_Work instruction_. Type the entries out once more. Match them exactly.

____________

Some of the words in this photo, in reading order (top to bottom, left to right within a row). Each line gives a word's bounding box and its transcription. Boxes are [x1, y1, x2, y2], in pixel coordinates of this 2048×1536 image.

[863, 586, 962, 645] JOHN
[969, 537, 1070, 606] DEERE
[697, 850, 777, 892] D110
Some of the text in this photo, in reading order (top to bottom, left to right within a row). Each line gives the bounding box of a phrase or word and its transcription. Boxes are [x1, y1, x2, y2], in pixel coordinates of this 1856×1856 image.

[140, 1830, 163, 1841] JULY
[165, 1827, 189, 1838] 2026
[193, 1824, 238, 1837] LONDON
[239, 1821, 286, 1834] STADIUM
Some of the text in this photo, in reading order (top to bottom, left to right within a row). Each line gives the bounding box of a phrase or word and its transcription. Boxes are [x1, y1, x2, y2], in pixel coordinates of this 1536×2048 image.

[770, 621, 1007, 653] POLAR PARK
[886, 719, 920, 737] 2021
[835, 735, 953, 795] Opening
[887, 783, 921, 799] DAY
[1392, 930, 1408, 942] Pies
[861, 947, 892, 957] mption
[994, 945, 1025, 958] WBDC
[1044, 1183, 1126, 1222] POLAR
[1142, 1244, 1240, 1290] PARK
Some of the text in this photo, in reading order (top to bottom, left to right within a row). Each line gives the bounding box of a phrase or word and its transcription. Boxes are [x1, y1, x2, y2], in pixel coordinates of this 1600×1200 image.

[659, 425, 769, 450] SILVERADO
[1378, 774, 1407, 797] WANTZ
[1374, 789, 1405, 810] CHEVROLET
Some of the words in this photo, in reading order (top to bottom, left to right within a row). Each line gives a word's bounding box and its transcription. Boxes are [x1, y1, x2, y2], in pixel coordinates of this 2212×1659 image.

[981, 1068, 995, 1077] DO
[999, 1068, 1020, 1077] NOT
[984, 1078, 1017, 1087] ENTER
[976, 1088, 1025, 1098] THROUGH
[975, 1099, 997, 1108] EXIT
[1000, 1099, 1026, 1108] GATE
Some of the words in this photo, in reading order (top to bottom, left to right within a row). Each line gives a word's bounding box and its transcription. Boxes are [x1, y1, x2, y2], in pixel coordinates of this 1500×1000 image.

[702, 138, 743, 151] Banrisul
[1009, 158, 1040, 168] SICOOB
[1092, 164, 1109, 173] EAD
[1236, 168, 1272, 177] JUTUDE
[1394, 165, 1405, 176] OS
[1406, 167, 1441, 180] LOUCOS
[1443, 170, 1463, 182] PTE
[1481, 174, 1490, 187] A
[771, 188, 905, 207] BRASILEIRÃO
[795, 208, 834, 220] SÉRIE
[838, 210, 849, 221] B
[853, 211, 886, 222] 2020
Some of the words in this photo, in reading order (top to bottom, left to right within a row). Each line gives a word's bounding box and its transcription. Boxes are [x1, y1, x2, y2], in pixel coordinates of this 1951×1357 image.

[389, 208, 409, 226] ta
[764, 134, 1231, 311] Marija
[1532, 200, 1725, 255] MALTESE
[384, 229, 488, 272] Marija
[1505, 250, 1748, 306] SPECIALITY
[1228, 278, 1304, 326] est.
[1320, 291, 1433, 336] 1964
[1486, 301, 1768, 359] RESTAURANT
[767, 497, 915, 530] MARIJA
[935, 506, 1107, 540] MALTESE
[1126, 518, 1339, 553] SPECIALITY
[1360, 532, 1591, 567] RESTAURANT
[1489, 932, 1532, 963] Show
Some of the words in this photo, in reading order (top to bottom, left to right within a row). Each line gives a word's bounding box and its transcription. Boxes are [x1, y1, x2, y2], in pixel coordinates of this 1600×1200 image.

____________

_Task result_.
Some of the words in this photo, in reading order (top to bottom, left to right within a row). Each line gives a word's bounding box and its transcription. Boxes are [x1, y1, x2, y2], in pixel coordinates of this 2048×1536 image.

[863, 586, 962, 645] JOHN
[969, 537, 1070, 606] DEERE
[697, 850, 777, 892] D110
Some of the text in this photo, in reading order (top to bottom, left to right within a row). Each line gives the bounding box of a phrase or word and its transcription. Boxes are [x1, y1, x2, y2], in pixel coordinates of this 1856×1856 image.

[140, 1830, 163, 1841] JULY
[165, 1827, 189, 1838] 2026
[193, 1824, 238, 1837] LONDON
[239, 1821, 286, 1834] STADIUM
Some of the text in this photo, in reading order (top to bottom, left to right within a row). Each line gives the bounding box of a phrase or word and its transcription. Boxes are [x1, y1, x2, y2], in pixel coordinates of this 1536×2048 image.

[770, 621, 1007, 653] POLAR PARK
[886, 719, 920, 737] 2021
[835, 735, 953, 795] Opening
[887, 783, 921, 799] DAY
[1392, 930, 1408, 942] Pies
[861, 947, 892, 957] mption
[994, 945, 1025, 958] WBDC
[1044, 1183, 1126, 1222] POLAR
[1142, 1244, 1240, 1290] PARK
Some of the text in this photo, in reading order (top to bottom, left to right within a row). Each line gives the bounding box of a phrase or word and its transcription. Boxes are [x1, y1, x2, y2], in pixel coordinates of this 1600×1200 image.

[659, 425, 769, 450] SILVERADO
[1378, 774, 1407, 797] WANTZ
[1374, 789, 1405, 810] CHEVROLET
Some of the words in this photo, in reading order (top to bottom, left to right within a row). Each line gives a word's bounding box and its transcription. Boxes are [x1, y1, x2, y2], in pixel coordinates of this 2212×1659 image.

[981, 1068, 995, 1077] DO
[999, 1068, 1020, 1077] NOT
[984, 1078, 1017, 1087] ENTER
[976, 1088, 1025, 1098] THROUGH
[975, 1099, 997, 1108] EXIT
[1000, 1099, 1026, 1108] GATE
Some of the words in this photo, in reading order (top to bottom, left to right within a row). Each line gives a word's bounding box and its transcription. Boxes are [x1, y1, x2, y2], in pixel coordinates of this 1500×1000 image.

[702, 138, 743, 151] Banrisul
[1009, 158, 1040, 168] SICOOB
[1092, 164, 1109, 173] EAD
[1236, 168, 1272, 177] JUTUDE
[1394, 165, 1405, 176] OS
[1406, 167, 1441, 180] LOUCOS
[1443, 170, 1463, 182] PTE
[1481, 174, 1490, 187] A
[771, 188, 905, 207] BRASILEIRÃO
[795, 208, 834, 220] SÉRIE
[838, 210, 849, 221] B
[853, 211, 886, 222] 2020
Some of the words in this photo, in reading order (top to bottom, left to right within a row). Each line gives a word's bounding box and its transcription. Boxes are [x1, y1, x2, y2], in pixel coordinates of this 1951×1357 image.

[389, 208, 409, 226] ta
[764, 134, 1231, 311] Marija
[1532, 200, 1725, 255] MALTESE
[384, 229, 488, 272] Marija
[1505, 250, 1748, 306] SPECIALITY
[1228, 278, 1304, 326] est.
[1320, 291, 1433, 336] 1964
[1486, 301, 1768, 359] RESTAURANT
[767, 497, 915, 530] MARIJA
[935, 506, 1107, 540] MALTESE
[1126, 518, 1339, 553] SPECIALITY
[1360, 532, 1591, 567] RESTAURANT
[1489, 932, 1532, 963] Show
Some of the words in this photo, in reading order (top to bottom, left to right within a row). Each line gives a word's bounding box and its transcription. Boxes are [x1, y1, x2, y2], in pixel coordinates of this 1600×1200 image.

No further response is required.